= Location identifier =

Identifier for air navigation and weather stations

A location identifier is a symbolic representation for the name and the location of an airport, navigation aid, or weather station, and is used for staffed air traffic control facilities in air traffic control, telecommunications, computer programming, weather reports, and related services.

==ICAO location indicator==

The International Civil Aviation Organization establishes sets of four-letter location indicators which are published in ICAO Publication 7910. These are used by air traffic control agencies to identify airports and by weather agencies to produce METAR weather reports. The first letter indicates the region; for example, K for the contiguous United States, C for Canada, E for northern Europe, R for the Asian Far East, and Y for Australia. Examples of ICAO location indicators are RPLL for Manila Ninoy Aquino Airport, KCEF for Westover Joint Air Reserve Base and EGLL for London Heathrow Airport.

==IATA identifier==

The International Air Transport Association uses sets of three-letter IATA identifiers which are used for airline operations, baggage routing, and ticketing. There is no specific organization scheme to IATA identifiers; typically they take on the abbreviation of the airport or city such as MNL for Manila Ninoy Aquino Airport.

In the United States, the IATA identifier usually equals the FAA identifier, but this is not always the case. A prominent example is Sawyer International Airport in Marquette, Michigan, which uses the FAA identifier SAW and the IATA identifier MQT.

==FAA identifier==
The Federal Aviation Administration location identifier (FAA LID) is a three- to five-character alphanumeric code identifying aviation-related facilities inside the United States, though some codes are reserved for, and are managed by, other entities.

For nearly all major airports, the assigned identifiers are alphabetic three-letter codes, such as ORD for Chicago O'Hare International Airport. Minor airfields are typically assigned a mix of alphanumeric characters, such as 8N2 for Skydive Chicago Airport and 0B5 for Turners Falls Airport. Private airfields are assigned four-character identifiers, such as 1CA9 for Los Angeles County Fire Department Heliport. The location identifiers are coordinated with the Transport Canada Identifiers described below.

In general, the FAA has authority to assign all three-letter identifiers (except those beginning with the letters K, N, W, and Y), all three- and four-character alphanumeric identifiers, and five-letter identifiers for the United States and its jurisdictions. The Department of the Navy assigns three-letter identifiers beginning with the letter N for the exclusive use of that department. Transport Canada assigns three-character identifiers beginning with Y. The block beginning with letter Q is under international telecommunications jurisdiction, but is used internally by FAA Technical Operations to identify National Airspace equipment not covered by any other identifying code system. The block beginning with Z identifies United States Air Route Traffic Control Centers.

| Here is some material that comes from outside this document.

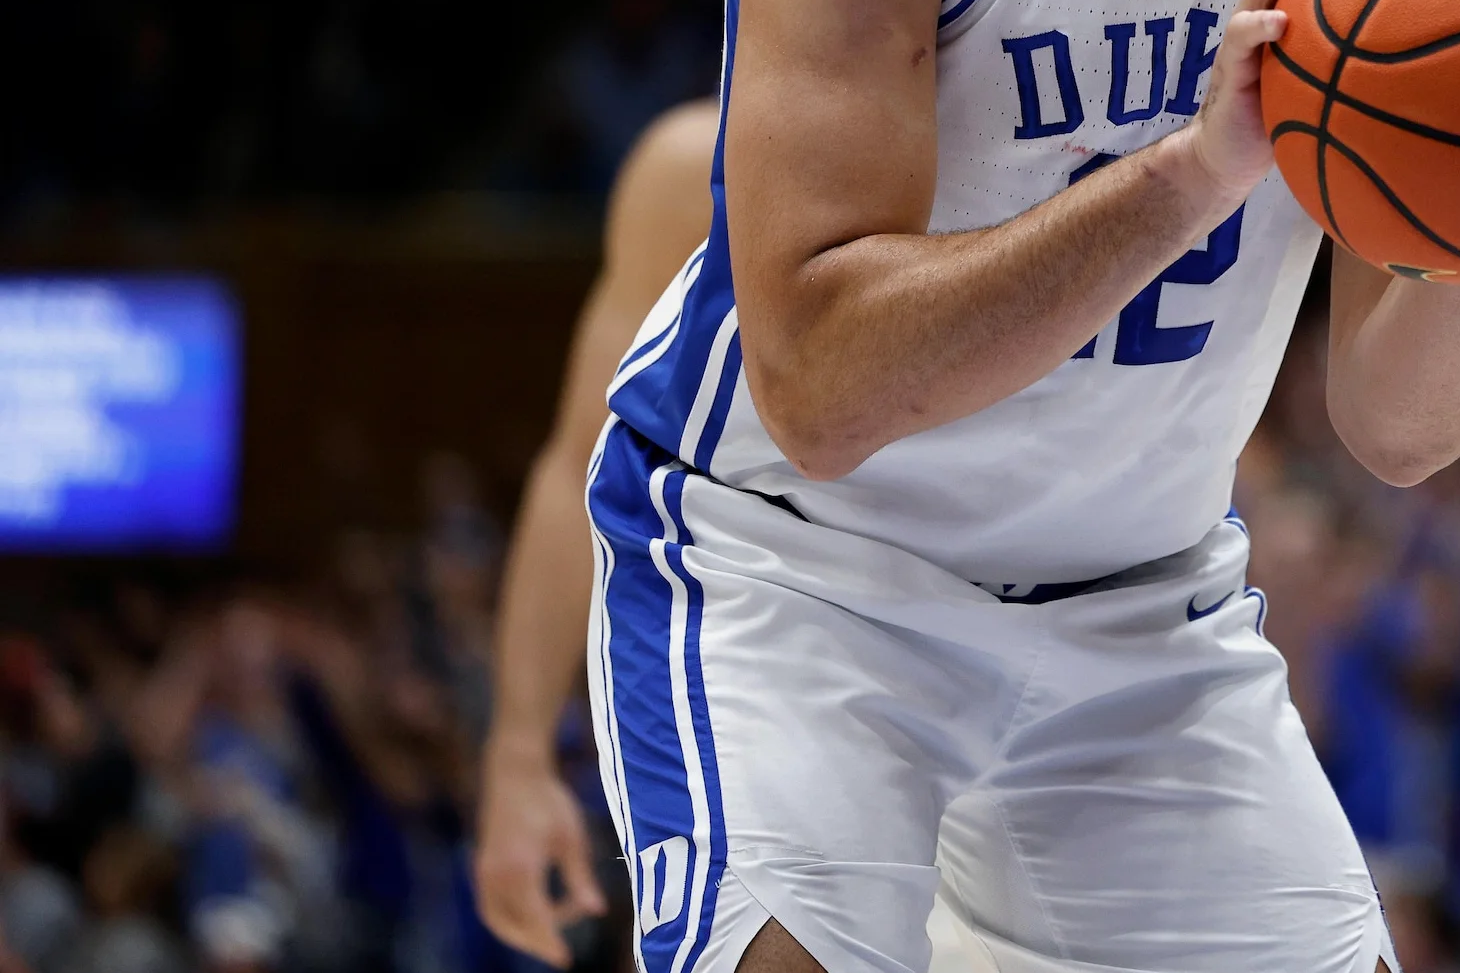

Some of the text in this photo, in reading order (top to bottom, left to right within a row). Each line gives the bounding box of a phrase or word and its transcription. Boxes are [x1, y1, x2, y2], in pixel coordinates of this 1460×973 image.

[1002, 7, 1221, 140] DUK
[1068, 152, 1247, 366] 2
[638, 835, 689, 937] D

In practice, the assigned identifiers are not always consistent with the current "encoding" rules adopted by the FAA, nor are all the assigned identifiers distinct between the United States and Canada. The coding system has evolved over time, and to ensure safety and reduce ambiguity, many "legacy" codes have remained intact, even though they violate the currently ordered rules. For this reason, the FAA regularly publishes detailed listings of all codes it administers.

===General assignment patterns===
In general, three-letter identifiers are assigned as radio call signs to aeronautical navigation aids; to airports with a staffed air traffic control facility or navigational aid within airport boundary; to airports that receive scheduled route air carrier or military airlift service, and to airports designated by the United States Customs Service as airports of entry. Some of these identifiers are assigned to certain aviation weather reporting stations.

Most one-digit, two-letter identifiers have been assigned to aviation weather reporting and observation stations and special-use locations. Some of these identifiers may be assigned to public-use landing facilities within the United States and its jurisdictions, which do not meet the requirements for identifiers in the three-letter series. In this identifier series, the digit is always in the first position of the three-character combination.

Most one-letter, two-digit identifiers are assigned to public-use landing facilities within the United States and its jurisdictions, which do not meet the requirements for identifiers in the three-letter series. Some of these identifiers are also assigned to aviation weather reporting stations.

- One-letter, two-digit identifiers are keyed by the alphabetical letter. The letter may appear in the first, middle or last position in the combination of three characters. When the letter signifies an air traffic control center's area, the assignment will not change if the center's boundaries are realigned.
- Identifiers in this series which could conflict with the Victor, Jet or colored airway numbers are not assigned.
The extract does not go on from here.